Electrical Injuries - 1
Electrical injury is damage caused by manmade electrical current passing through the body. Symptoms may include skin burns, damage to internal organs and other soft tissues, cardiac arrhythmias, and respiratory arrest. Diagnosis is by clinical criteria and selective laboratory testing. Treatment is supportive, with aggressive care for severe injuries.
Although accidental electrical injuries encountered in the home (eg, touching an electrical outlet or getting shocked by a small appliance) rarely result in significant injury or sequelae, accidental exposure to high voltage causes about 400 deaths annually in the US.
Pathophysiology
Traditional teaching is that the severity of electrical injury depends on Kouwenhoven's 6 factors: type of current (direct [DC] or alternating [AC]), voltage and amperage (both are measures of current strength), duration of exposure (longer exposure increases injury severity), body resistance, and pathway of current (which determines the specific tissue damaged). However, electrical field strength, a newer concept, seems to predict injury severity more accurately.
Kouwenhoven's factors: AC changes direction frequently; it is the current usually supplied by household electrical outlets in the US and Europe.

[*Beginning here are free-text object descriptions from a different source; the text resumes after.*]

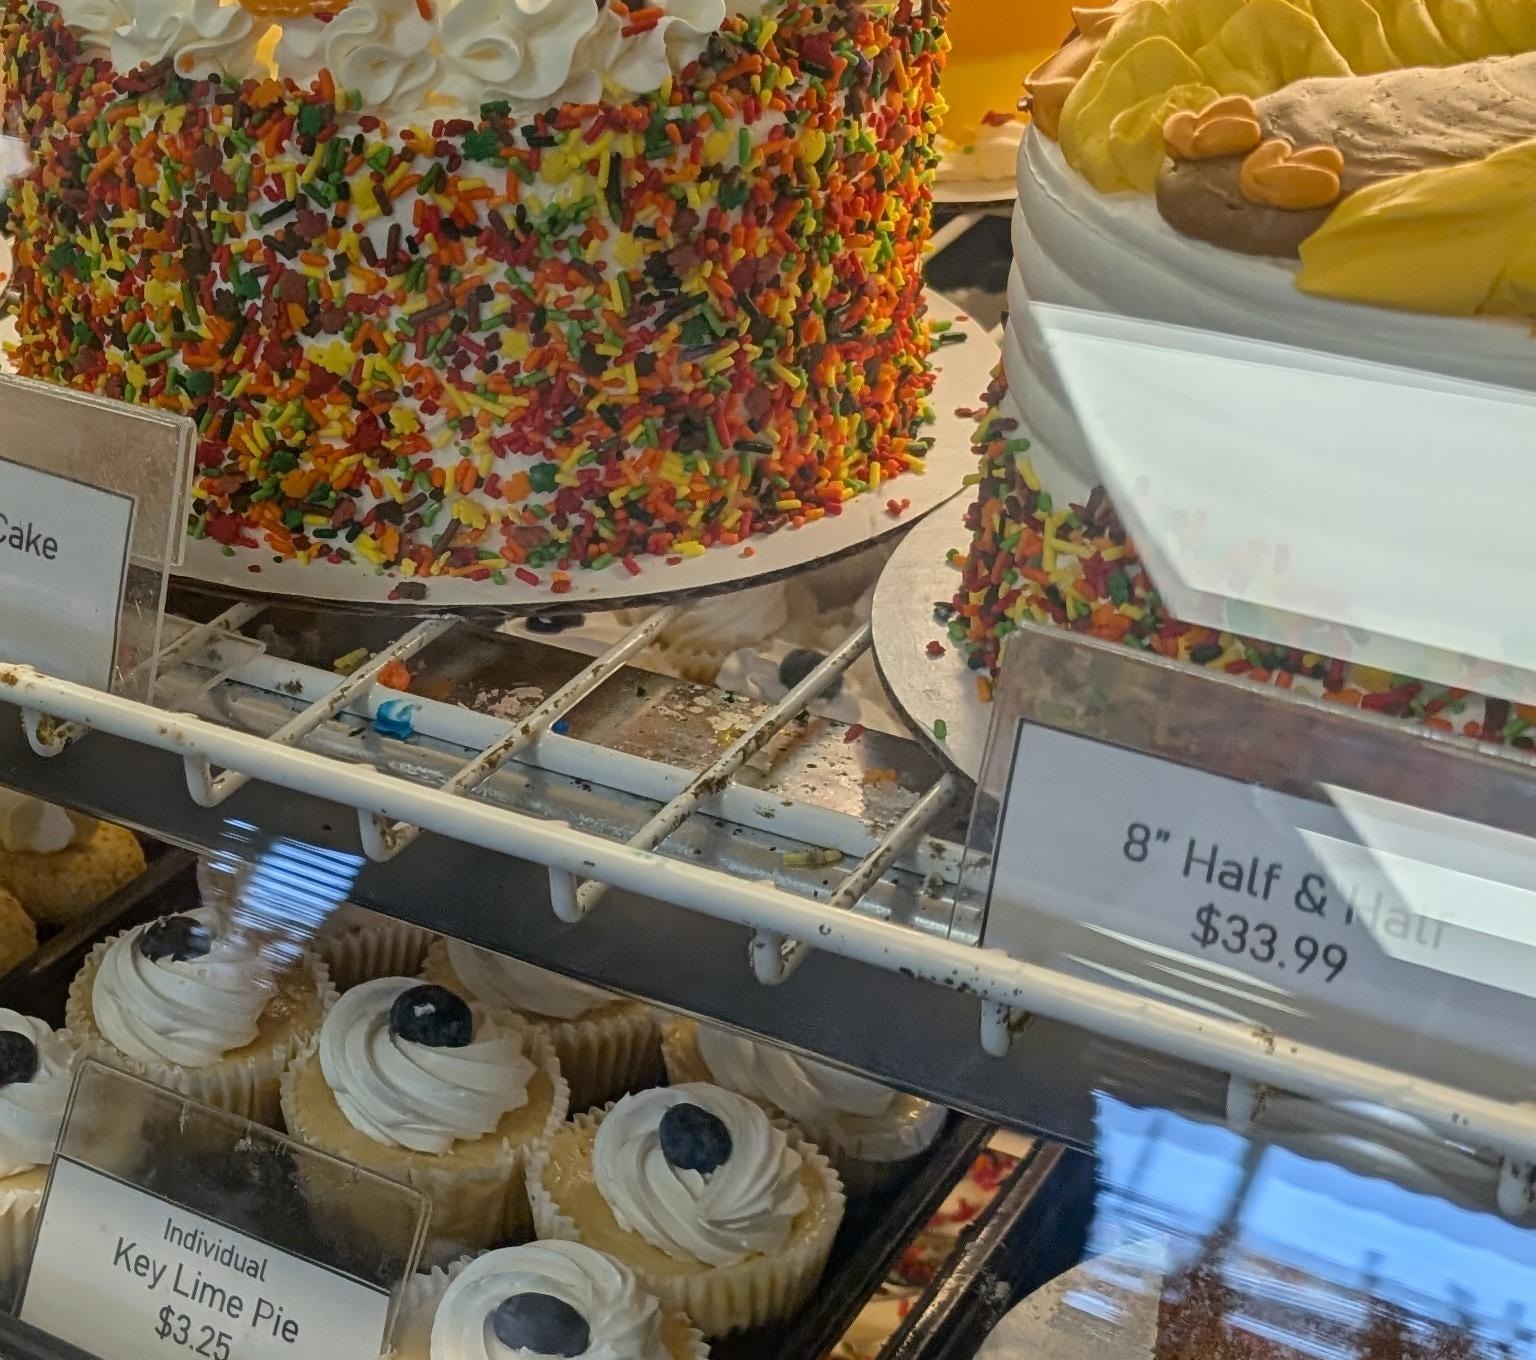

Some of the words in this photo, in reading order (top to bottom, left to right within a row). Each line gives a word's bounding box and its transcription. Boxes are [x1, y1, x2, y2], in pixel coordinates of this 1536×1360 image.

[1122, 822, 1171, 862] 8"
[1181, 838, 1283, 901] Half
[1293, 873, 1329, 918] &
[1191, 902, 1349, 984] $33.99
[113, 1237, 168, 1292] Key
[172, 1262, 244, 1320] Lime
[251, 1297, 299, 1344] Pie
[163, 1217, 268, 1283] Individual

DC flows in the same direction constantly; it is the current supplied by batteries. Defibrillators and cardioverters usually deliver DC current. How AC affects the body depends largely on frequency. Low-frequency (50- to 60-Hz) AC is used in US (60 Hz) and European (50 Hz) households; it can be more dangerous than high-frequency AC and is 3 to 5 times more dangerous than DC of the same voltage and amperage. Low-frequency AC produces extended muscle contraction (tetany), which may freeze the hand to the current's source, prolonging exposure. DC is most likely to cause a single convulsive contraction, which often forces the victim away from the current's source.

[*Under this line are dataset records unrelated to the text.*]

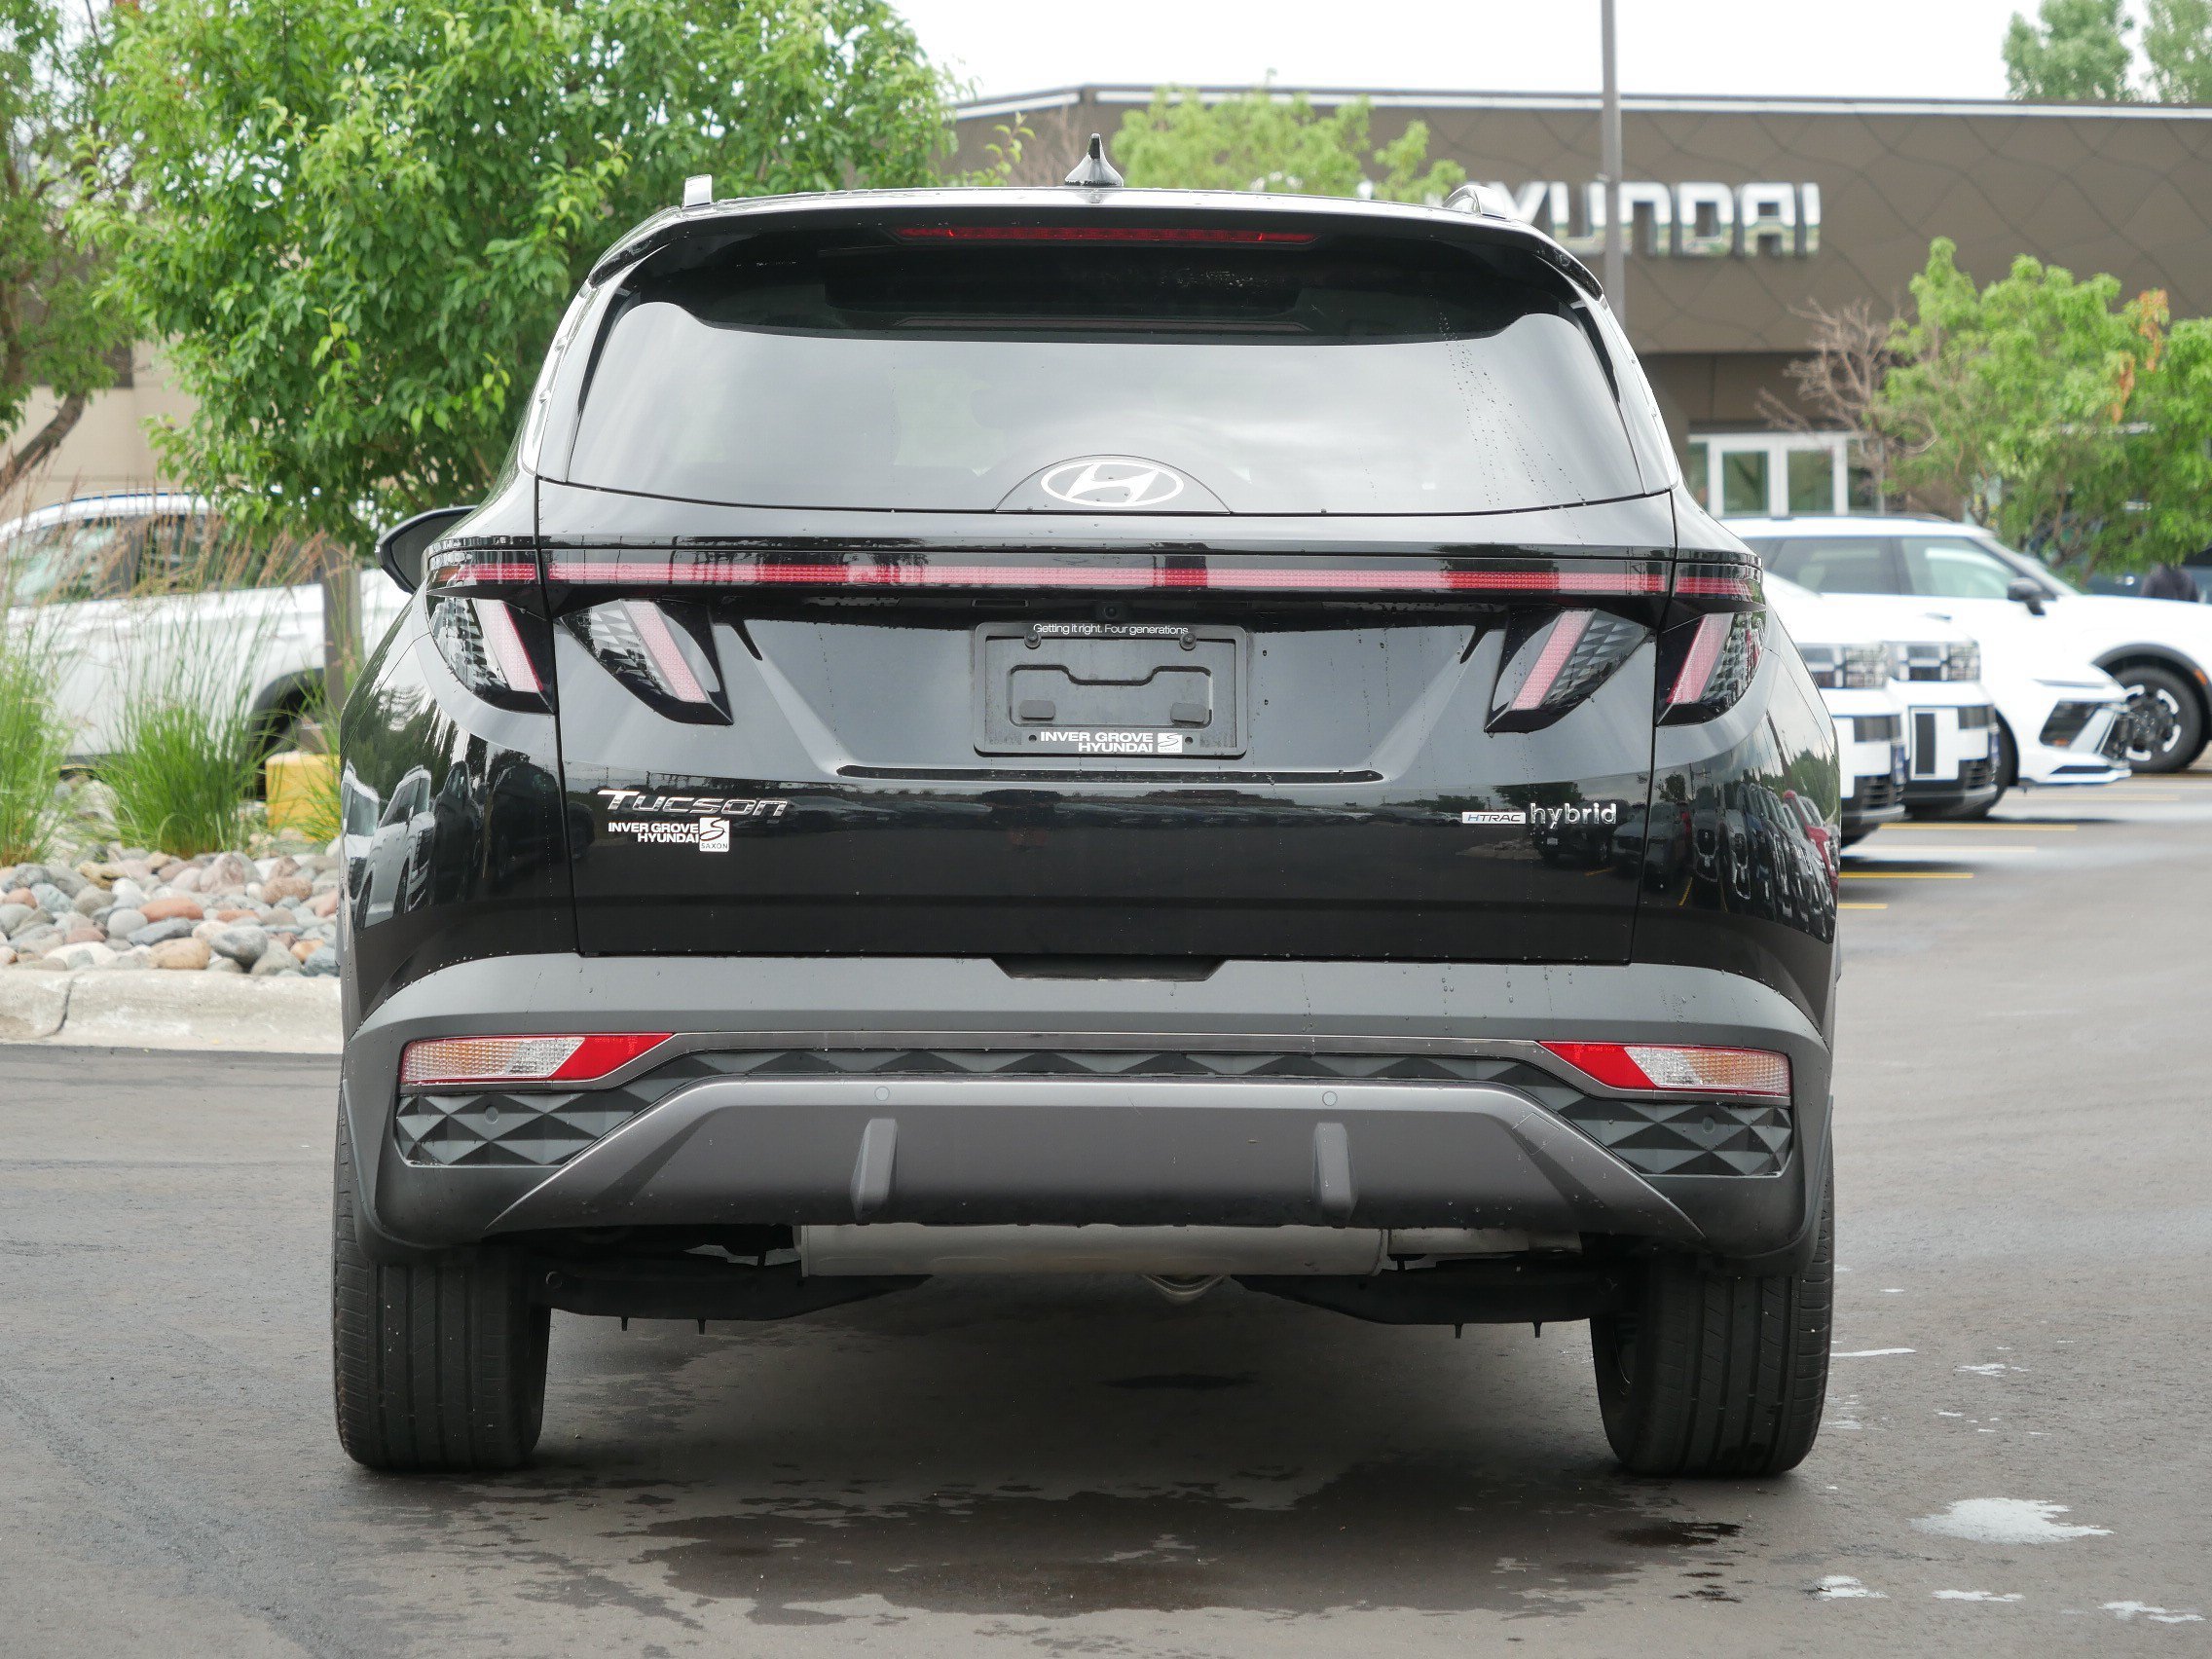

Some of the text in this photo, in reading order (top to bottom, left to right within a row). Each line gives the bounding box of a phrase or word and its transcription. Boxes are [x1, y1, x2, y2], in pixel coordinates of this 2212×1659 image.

[1033, 623, 1189, 635] Getting it right. Four generations
[1040, 731, 1154, 743] INVER GROVE
[1078, 742, 1154, 753] HYUNDAI
[1467, 802, 1617, 830] HTRAC hybrid
[608, 822, 700, 833] INVER GROVE
[637, 832, 700, 844] HYUNDAI
[700, 841, 729, 850] SAXON

Usually, for both AC and DC, the higher the voltage (V) and amperage, the greater the ensuing electrical injury (for the same duration of exposure). Household current in the US is 110 V (standard electrical outlet) to 220 V (large appliance, such as a dryer). High-voltage (> 500 V) currents tend to cause deep burns, and low-voltage (110 to 220 V) currents tend to cause muscle tetany and freezing to the current's source. The threshold for perceiving DC current entering the hand is about 5 to 10 milliamperes (mA); for AC at 60 Hz, the threshold is about 1 to 10 mA. The maximum amperage that can cause flexors of the arm to contract but that allows release of the hand from the current's source is called the let-go current. Let-go current varies with weight and muscle mass. For an average 70-kg man, let-go current is about 75 mA for DC and about 15 mA for AC.
Low-voltage 60-Hz AC traveling through the chest for a fraction of a second can cause ventricular fibrillation at amperage as low as 60 to 100 mA; for DC, about 300 to 500 mA are required. If current has a direct pathway to the heart (eg, via a cardiac catheter or pacemaker electrodes), < 1 mA (AC or DC) can cause ventricular fibrillation.
Amount of dissipated heat energy equals amperage2 × resistance × time; thus, for any given current and duration, tissue with the highest resistance tends to suffer the most damage. Body resistance (measured in ohms/cm2) is provided primarily by the skin. Skin thickness and dryness increase resistance; dry, well-keratinized, intact skin averages 20,000 to 30,000 ohms/cm2. For a thickly calloused palm or sole, resistance may be 2 to 3 million ohms/cm2; for moist, thin skin, resistance is about 500 ohms/cm2. Resistance for punctured skin (eg, cut, abrasion, needle puncture) or moist mucous membranes (eg, mouth, rectum, vagina) may be as low as 200 to 300 ohms/cm2. If skin resistance is high, much electrical energy may be dissipated at the skin, resulting in large skin burns at entry and exit points but less internal damage. If skin resistance is low, skin burns are less extensive or absent, but more electrical energy may be dissipated in internal organs. Thus, the absence of external burns does not predict the absence of electrical injury, and the severity of external burns does not predict the severity of electrical injury.
Damage to internal tissues depends also on their resistance and additionally on current density (current per unit area; energy is concentrated when the same current flows through a smaller area). For example, as electrical energy flows in an arm (primarily through lower-resistance tissues, eg, muscle, vessels, nerves), current density increases at joints because a significant proportion of the joint's cross-sectional area consists of higher-resistance tissues (eg, bone, tendon), which decreases the area of lower-resistance tissue; thus, damage to the lower-resistance tissues tends to be most severe at joints.
The current's pathway through the body determines which structures are injured. Because AC current continually reverses direction, the commonly used terms “entry” and “exit” are inappropriate; “source” and “ground” are most precise. The hand is the most common source point, followed by the head. The foot is the most common ground point. Current traveling between arm and arm or between arm and foot is likely to traverse the heart, possibly causing arrhythmia. This current tends to be more dangerous than current traveling from one foot to the other. Current to the head may damage the CNS.